-- Work instruction --
Could you restate all of the records below exactly, with the pictures left out?

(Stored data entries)
-- Opening Marker --

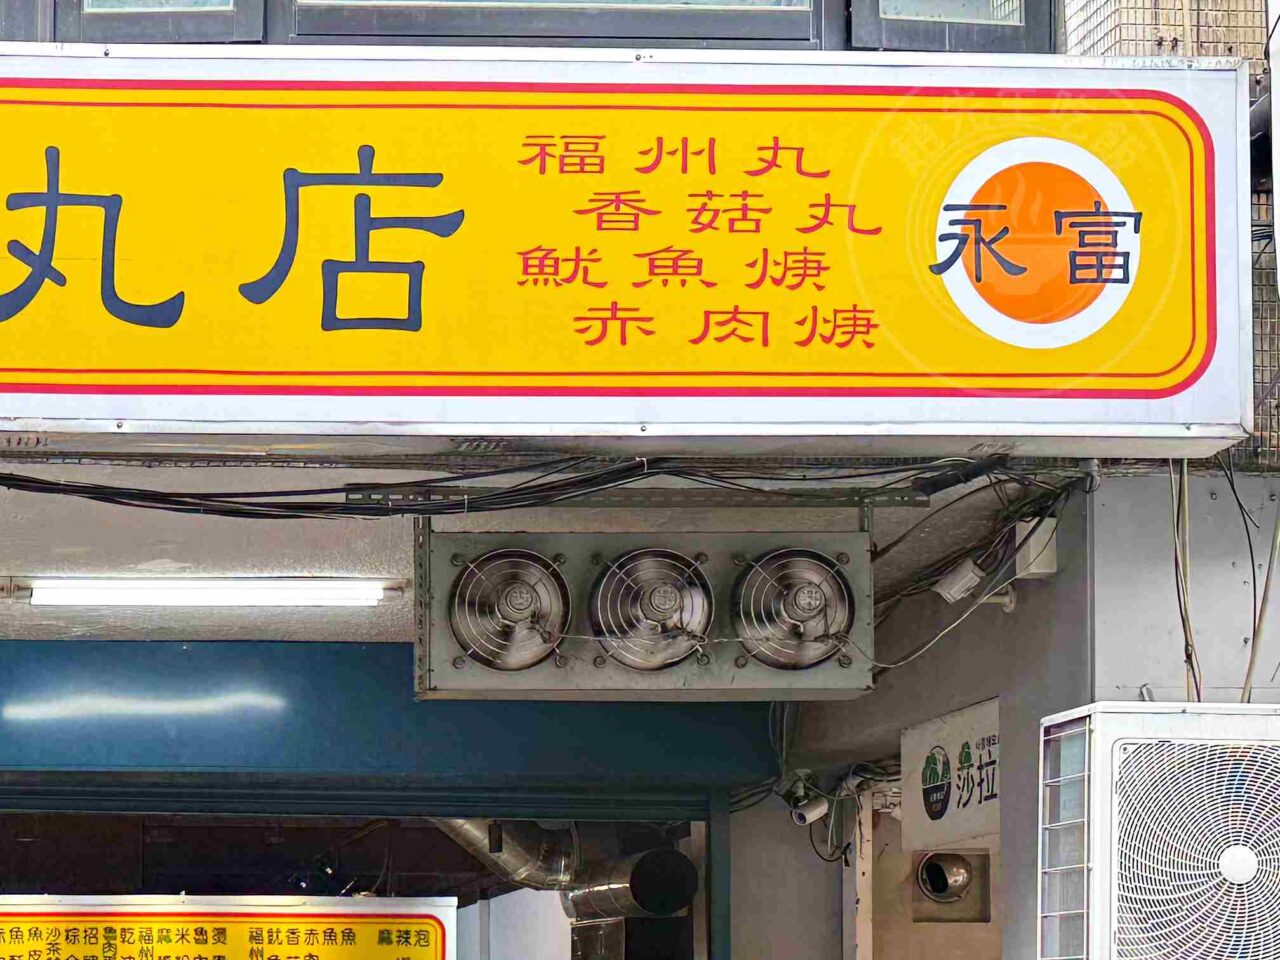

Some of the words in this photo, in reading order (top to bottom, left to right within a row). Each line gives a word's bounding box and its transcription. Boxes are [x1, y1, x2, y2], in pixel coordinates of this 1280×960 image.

[518, 135, 831, 179] 福州丸
[573, 190, 882, 236] 香菇丸
[928, 200, 1143, 285] 永富
[517, 245, 831, 292] 魷魚焿
[573, 301, 880, 349] 赤肉焿
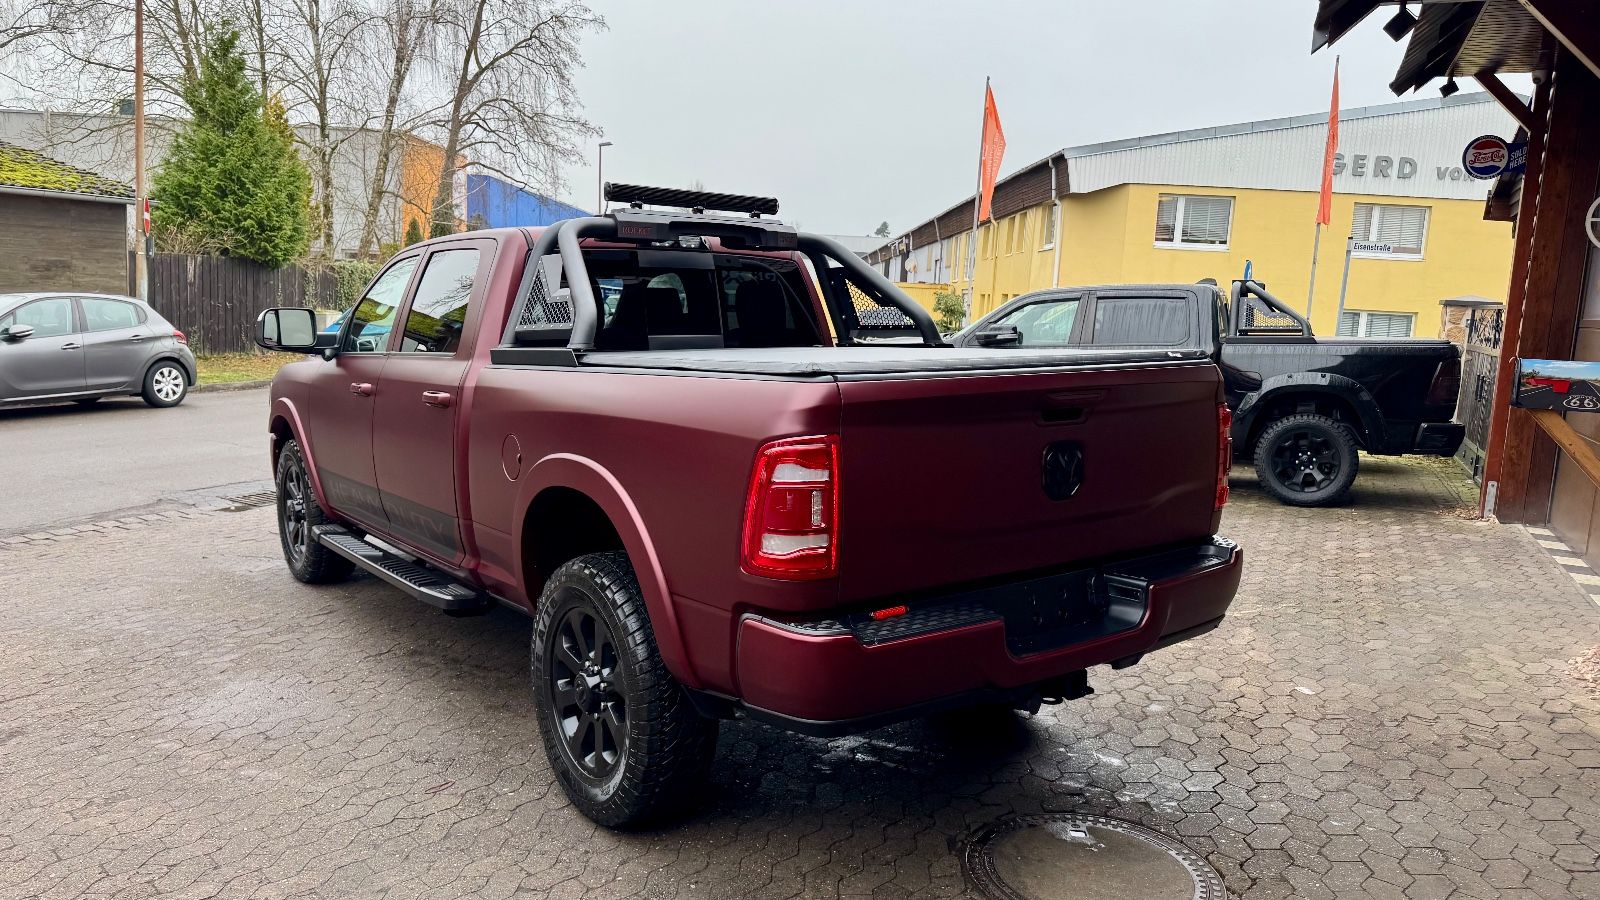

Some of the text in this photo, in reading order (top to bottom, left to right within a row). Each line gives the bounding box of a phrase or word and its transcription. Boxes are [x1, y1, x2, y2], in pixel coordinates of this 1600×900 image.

[1511, 147, 1528, 160] SOLD
[1333, 153, 1418, 179] GERD
[1510, 155, 1526, 169] HERE
[1353, 242, 1391, 252] Eisenstraße
[1570, 397, 1594, 408] 66
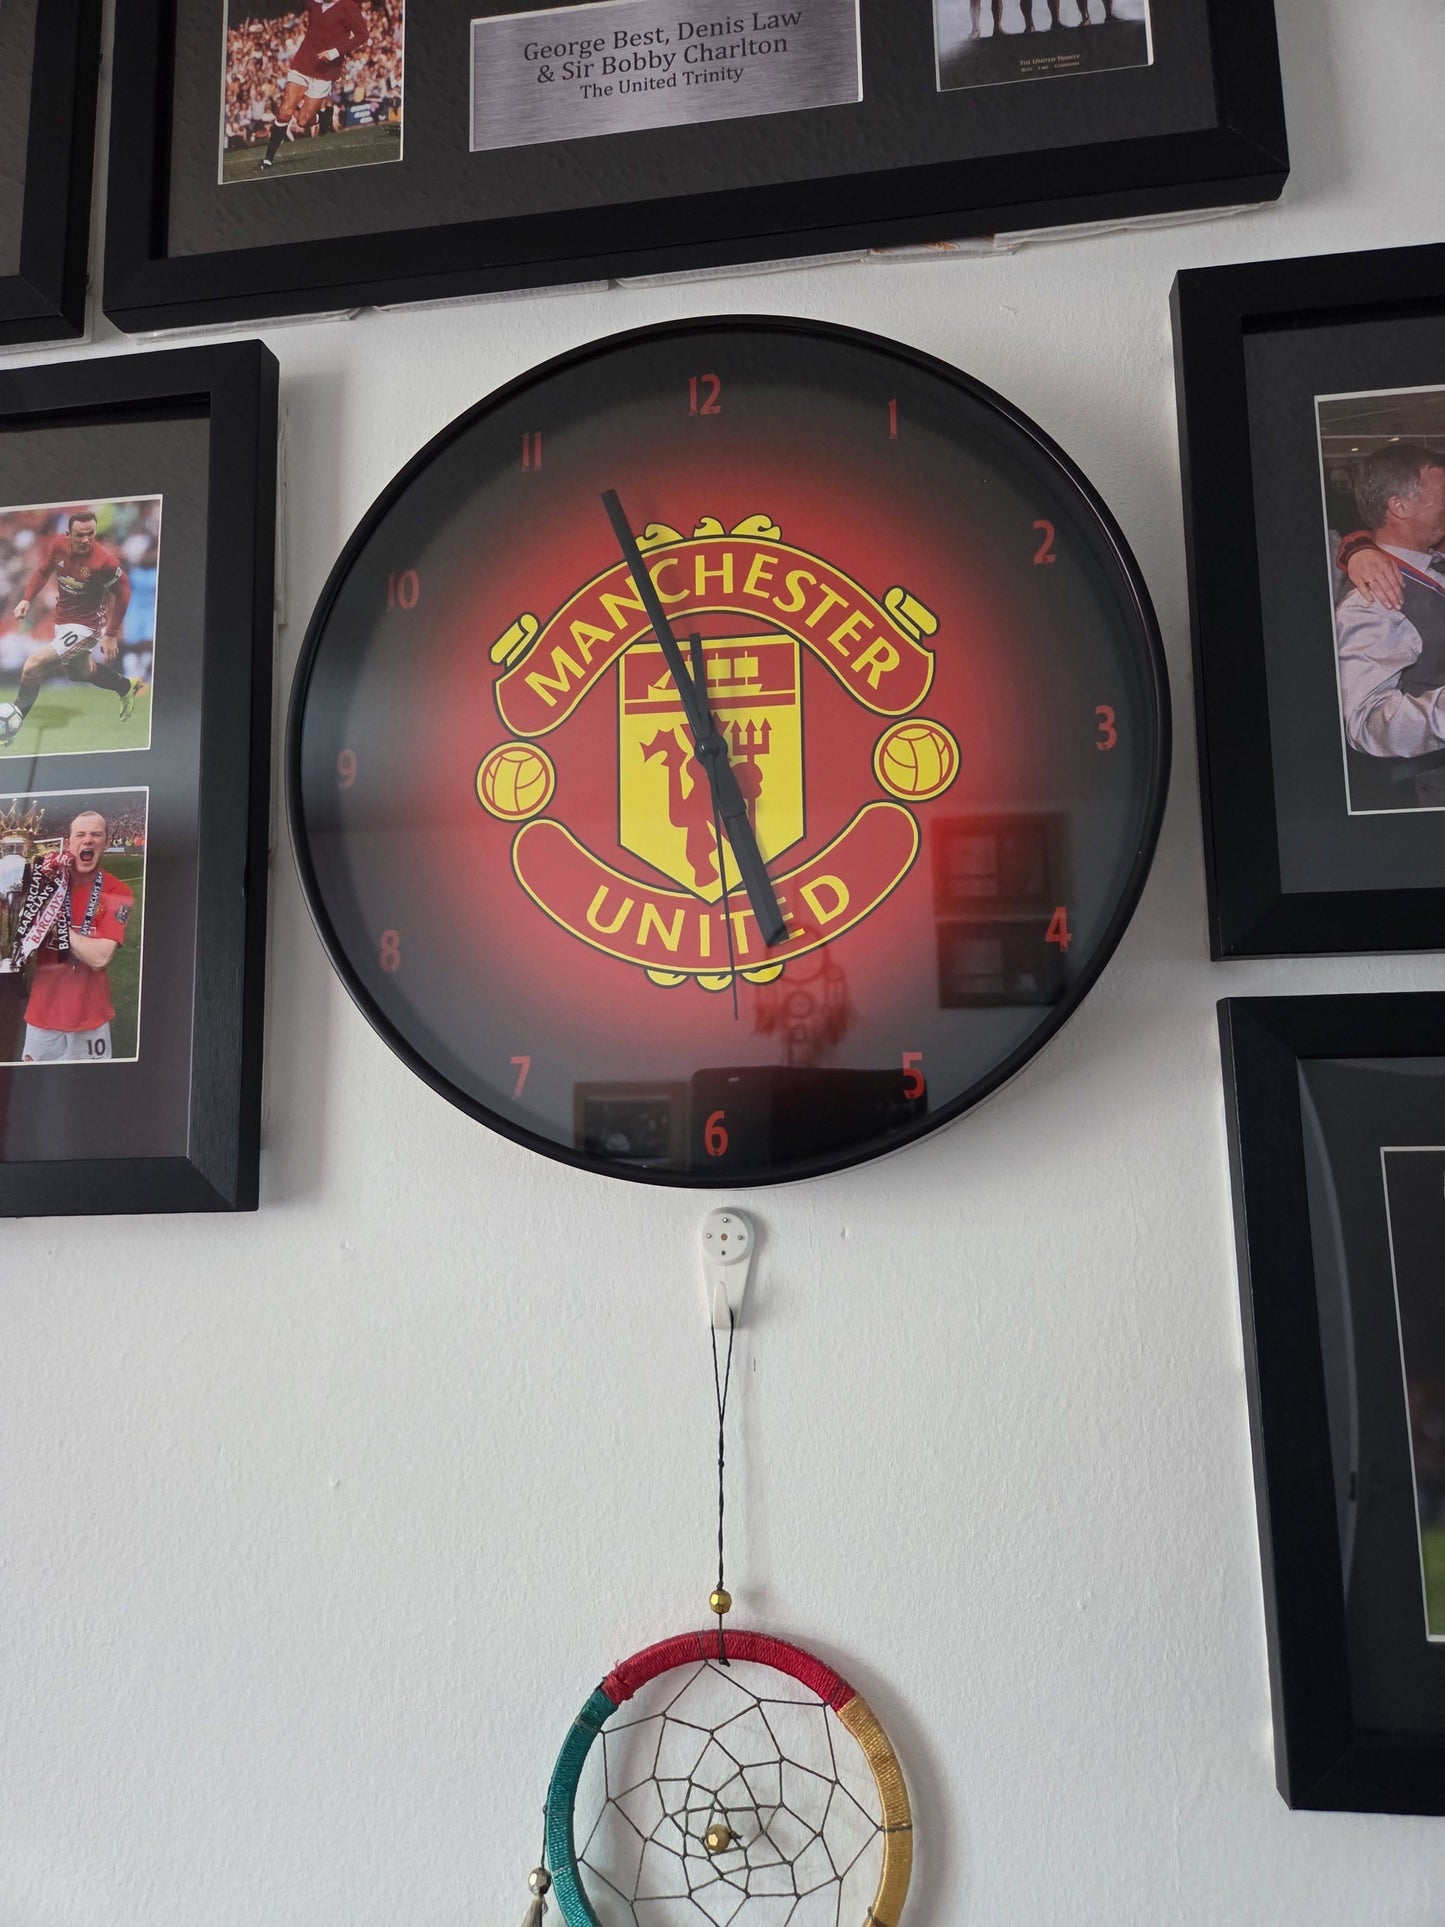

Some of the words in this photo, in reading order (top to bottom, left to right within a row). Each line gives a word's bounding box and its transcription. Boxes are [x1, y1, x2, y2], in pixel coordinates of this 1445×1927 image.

-- Closing Marker --

-- Response for this exercise --
Some of the words in this photo, in reading order (top to bottom, left to right within a row). Each line gives a word's bounding box and its transcription. Boxes are [x1, y1, x2, y2], in pixel coordinates of this 1280×960 image.

[518, 135, 831, 179] 福州丸
[573, 190, 882, 236] 香菇丸
[928, 200, 1143, 285] 永富
[517, 245, 831, 292] 魷魚焿
[573, 301, 880, 349] 赤肉焿

Some of the text in this photo, in reading order (top to bottom, left to right within a row). Each line gives the bounding box of a phrase or word and its transcription. Boxes are [x1, y1, x2, y2], in pixel coordinates of this 1600×900 image.

[1511, 147, 1528, 160] SOLD
[1333, 153, 1418, 179] GERD
[1510, 155, 1526, 169] HERE
[1353, 242, 1391, 252] Eisenstraße
[1570, 397, 1594, 408] 66

Some of the words in this photo, in reading order (top to bottom, left to right within a row). Each line gives a word's bounding box and its transcription. Boxes are [x1, y1, x2, y2], in pixel coordinates of this 1445×1927 image.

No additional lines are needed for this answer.